• Directions for this task
Transcribe the entire listing faithfully; every line must match the original.

• Raw data
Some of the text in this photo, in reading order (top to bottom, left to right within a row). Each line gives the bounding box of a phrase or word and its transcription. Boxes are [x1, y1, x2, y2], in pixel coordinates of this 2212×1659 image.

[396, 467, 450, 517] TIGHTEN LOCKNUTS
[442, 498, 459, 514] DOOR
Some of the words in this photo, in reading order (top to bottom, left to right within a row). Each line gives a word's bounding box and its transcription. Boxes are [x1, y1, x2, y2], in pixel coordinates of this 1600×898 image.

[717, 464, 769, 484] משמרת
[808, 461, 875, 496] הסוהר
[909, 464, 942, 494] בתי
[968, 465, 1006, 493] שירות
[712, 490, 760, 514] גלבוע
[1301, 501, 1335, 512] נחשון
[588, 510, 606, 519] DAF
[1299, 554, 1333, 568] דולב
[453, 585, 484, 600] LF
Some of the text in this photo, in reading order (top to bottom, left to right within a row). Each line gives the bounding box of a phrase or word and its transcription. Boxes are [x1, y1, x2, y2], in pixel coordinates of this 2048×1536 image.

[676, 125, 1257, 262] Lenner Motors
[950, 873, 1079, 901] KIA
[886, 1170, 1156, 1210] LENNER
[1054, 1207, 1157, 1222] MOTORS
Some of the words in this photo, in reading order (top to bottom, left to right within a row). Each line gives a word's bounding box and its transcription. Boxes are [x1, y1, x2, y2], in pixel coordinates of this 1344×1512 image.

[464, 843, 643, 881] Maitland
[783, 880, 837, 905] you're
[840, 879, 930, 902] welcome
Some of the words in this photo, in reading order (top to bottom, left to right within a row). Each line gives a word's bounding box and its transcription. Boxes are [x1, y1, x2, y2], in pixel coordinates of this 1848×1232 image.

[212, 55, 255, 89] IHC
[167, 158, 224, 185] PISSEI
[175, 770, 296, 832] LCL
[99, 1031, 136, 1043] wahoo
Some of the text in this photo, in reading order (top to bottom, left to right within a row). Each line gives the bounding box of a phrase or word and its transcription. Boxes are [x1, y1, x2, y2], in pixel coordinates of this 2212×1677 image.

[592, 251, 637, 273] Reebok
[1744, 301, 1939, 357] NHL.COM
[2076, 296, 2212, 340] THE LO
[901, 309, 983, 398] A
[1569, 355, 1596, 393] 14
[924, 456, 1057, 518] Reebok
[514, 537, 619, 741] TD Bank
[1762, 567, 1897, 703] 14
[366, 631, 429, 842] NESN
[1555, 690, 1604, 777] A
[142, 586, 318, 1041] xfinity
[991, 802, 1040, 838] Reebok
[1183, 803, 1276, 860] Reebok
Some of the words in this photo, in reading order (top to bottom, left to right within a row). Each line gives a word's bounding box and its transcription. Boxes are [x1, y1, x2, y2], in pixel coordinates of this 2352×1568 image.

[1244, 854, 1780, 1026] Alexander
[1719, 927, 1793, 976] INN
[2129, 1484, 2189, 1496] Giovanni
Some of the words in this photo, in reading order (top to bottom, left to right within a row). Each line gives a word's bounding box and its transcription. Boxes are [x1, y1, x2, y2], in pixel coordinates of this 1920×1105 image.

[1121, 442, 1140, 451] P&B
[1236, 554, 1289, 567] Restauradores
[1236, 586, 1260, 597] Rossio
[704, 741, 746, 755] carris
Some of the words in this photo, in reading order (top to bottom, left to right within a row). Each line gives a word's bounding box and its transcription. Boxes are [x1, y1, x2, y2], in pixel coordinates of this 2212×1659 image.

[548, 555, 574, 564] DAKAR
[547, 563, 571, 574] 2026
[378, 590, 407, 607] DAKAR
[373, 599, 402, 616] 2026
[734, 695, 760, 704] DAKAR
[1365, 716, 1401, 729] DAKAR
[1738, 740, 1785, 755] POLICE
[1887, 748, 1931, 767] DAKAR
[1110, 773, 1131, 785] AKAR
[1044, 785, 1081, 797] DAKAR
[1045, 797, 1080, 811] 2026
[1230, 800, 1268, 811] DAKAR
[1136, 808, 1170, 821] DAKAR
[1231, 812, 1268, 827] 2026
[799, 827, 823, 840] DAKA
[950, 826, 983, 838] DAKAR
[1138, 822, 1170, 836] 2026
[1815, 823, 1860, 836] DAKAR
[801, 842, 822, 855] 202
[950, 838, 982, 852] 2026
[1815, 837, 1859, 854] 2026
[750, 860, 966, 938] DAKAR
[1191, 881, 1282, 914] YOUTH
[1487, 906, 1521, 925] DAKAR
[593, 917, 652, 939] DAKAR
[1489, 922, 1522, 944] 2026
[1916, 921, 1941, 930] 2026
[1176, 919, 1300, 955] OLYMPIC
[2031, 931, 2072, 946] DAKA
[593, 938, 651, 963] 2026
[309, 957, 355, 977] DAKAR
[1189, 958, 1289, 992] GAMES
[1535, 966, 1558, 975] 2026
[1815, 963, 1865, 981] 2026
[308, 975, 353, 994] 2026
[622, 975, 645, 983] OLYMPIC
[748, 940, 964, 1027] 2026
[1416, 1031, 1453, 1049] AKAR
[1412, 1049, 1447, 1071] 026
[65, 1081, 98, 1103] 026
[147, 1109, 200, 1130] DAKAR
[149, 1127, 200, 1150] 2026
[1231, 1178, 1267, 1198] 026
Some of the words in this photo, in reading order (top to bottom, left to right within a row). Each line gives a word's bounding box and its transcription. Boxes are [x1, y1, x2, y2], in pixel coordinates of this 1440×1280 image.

• Result of the task
Some of the text in this photo, in reading order (top to bottom, left to right within a row). Each line gives the bounding box of a phrase or word and its transcription. Boxes are [x1, y1, x2, y2], in pixel coordinates of this 2212×1659 image.

[396, 467, 450, 517] TIGHTEN LOCKNUTS
[442, 498, 459, 514] DOOR
Some of the words in this photo, in reading order (top to bottom, left to right within a row). Each line gives a word's bounding box and its transcription. Boxes are [x1, y1, x2, y2], in pixel coordinates of this 1600×898 image.

[717, 464, 769, 484] משמרת
[808, 461, 875, 496] הסוהר
[909, 464, 942, 494] בתי
[968, 465, 1006, 493] שירות
[712, 490, 760, 514] גלבוע
[1301, 501, 1335, 512] נחשון
[588, 510, 606, 519] DAF
[1299, 554, 1333, 568] דולב
[453, 585, 484, 600] LF
Some of the text in this photo, in reading order (top to bottom, left to right within a row). Each line gives the bounding box of a phrase or word and its transcription. Boxes are [x1, y1, x2, y2], in pixel coordinates of this 2048×1536 image.

[676, 125, 1257, 262] Lenner Motors
[950, 873, 1079, 901] KIA
[886, 1170, 1156, 1210] LENNER
[1054, 1207, 1157, 1222] MOTORS
Some of the words in this photo, in reading order (top to bottom, left to right within a row). Each line gives a word's bounding box and its transcription. Boxes are [x1, y1, x2, y2], in pixel coordinates of this 1344×1512 image.

[464, 843, 643, 881] Maitland
[783, 880, 837, 905] you're
[840, 879, 930, 902] welcome
Some of the words in this photo, in reading order (top to bottom, left to right within a row). Each line gives a word's bounding box and its transcription. Boxes are [x1, y1, x2, y2], in pixel coordinates of this 1848×1232 image.

[212, 55, 255, 89] IHC
[167, 158, 224, 185] PISSEI
[175, 770, 296, 832] LCL
[99, 1031, 136, 1043] wahoo
Some of the text in this photo, in reading order (top to bottom, left to right within a row). Each line gives the bounding box of a phrase or word and its transcription. Boxes are [x1, y1, x2, y2], in pixel coordinates of this 2212×1677 image.

[592, 251, 637, 273] Reebok
[1744, 301, 1939, 357] NHL.COM
[2076, 296, 2212, 340] THE LO
[901, 309, 983, 398] A
[1569, 355, 1596, 393] 14
[924, 456, 1057, 518] Reebok
[514, 537, 619, 741] TD Bank
[1762, 567, 1897, 703] 14
[366, 631, 429, 842] NESN
[1555, 690, 1604, 777] A
[142, 586, 318, 1041] xfinity
[991, 802, 1040, 838] Reebok
[1183, 803, 1276, 860] Reebok
Some of the words in this photo, in reading order (top to bottom, left to right within a row). Each line gives a word's bounding box and its transcription. Boxes are [x1, y1, x2, y2], in pixel coordinates of this 2352×1568 image.

[1244, 854, 1780, 1026] Alexander
[1719, 927, 1793, 976] INN
[2129, 1484, 2189, 1496] Giovanni
Some of the words in this photo, in reading order (top to bottom, left to right within a row). Each line gives a word's bounding box and its transcription. Boxes are [x1, y1, x2, y2], in pixel coordinates of this 1920×1105 image.

[1121, 442, 1140, 451] P&B
[1236, 554, 1289, 567] Restauradores
[1236, 586, 1260, 597] Rossio
[704, 741, 746, 755] carris
Some of the words in this photo, in reading order (top to bottom, left to right within a row). Each line gives a word's bounding box and its transcription. Boxes are [x1, y1, x2, y2], in pixel coordinates of this 2212×1659 image.

[548, 555, 574, 564] DAKAR
[547, 563, 571, 574] 2026
[378, 590, 407, 607] DAKAR
[373, 599, 402, 616] 2026
[734, 695, 760, 704] DAKAR
[1365, 716, 1401, 729] DAKAR
[1738, 740, 1785, 755] POLICE
[1887, 748, 1931, 767] DAKAR
[1110, 773, 1131, 785] AKAR
[1044, 785, 1081, 797] DAKAR
[1045, 797, 1080, 811] 2026
[1230, 800, 1268, 811] DAKAR
[1136, 808, 1170, 821] DAKAR
[1231, 812, 1268, 827] 2026
[799, 827, 823, 840] DAKA
[950, 826, 983, 838] DAKAR
[1138, 822, 1170, 836] 2026
[1815, 823, 1860, 836] DAKAR
[801, 842, 822, 855] 202
[950, 838, 982, 852] 2026
[1815, 837, 1859, 854] 2026
[750, 860, 966, 938] DAKAR
[1191, 881, 1282, 914] YOUTH
[1487, 906, 1521, 925] DAKAR
[593, 917, 652, 939] DAKAR
[1489, 922, 1522, 944] 2026
[1916, 921, 1941, 930] 2026
[1176, 919, 1300, 955] OLYMPIC
[2031, 931, 2072, 946] DAKA
[593, 938, 651, 963] 2026
[309, 957, 355, 977] DAKAR
[1189, 958, 1289, 992] GAMES
[1535, 966, 1558, 975] 2026
[1815, 963, 1865, 981] 2026
[308, 975, 353, 994] 2026
[622, 975, 645, 983] OLYMPIC
[748, 940, 964, 1027] 2026
[1416, 1031, 1453, 1049] AKAR
[1412, 1049, 1447, 1071] 026
[65, 1081, 98, 1103] 026
[147, 1109, 200, 1130] DAKAR
[149, 1127, 200, 1150] 2026
[1231, 1178, 1267, 1198] 026
Some of the words in this photo, in reading order (top to bottom, left to right within a row). Each line gives a word's bounding box and its transcription. Boxes are [x1, y1, x2, y2], in pixel coordinates of this 1440×1280 image.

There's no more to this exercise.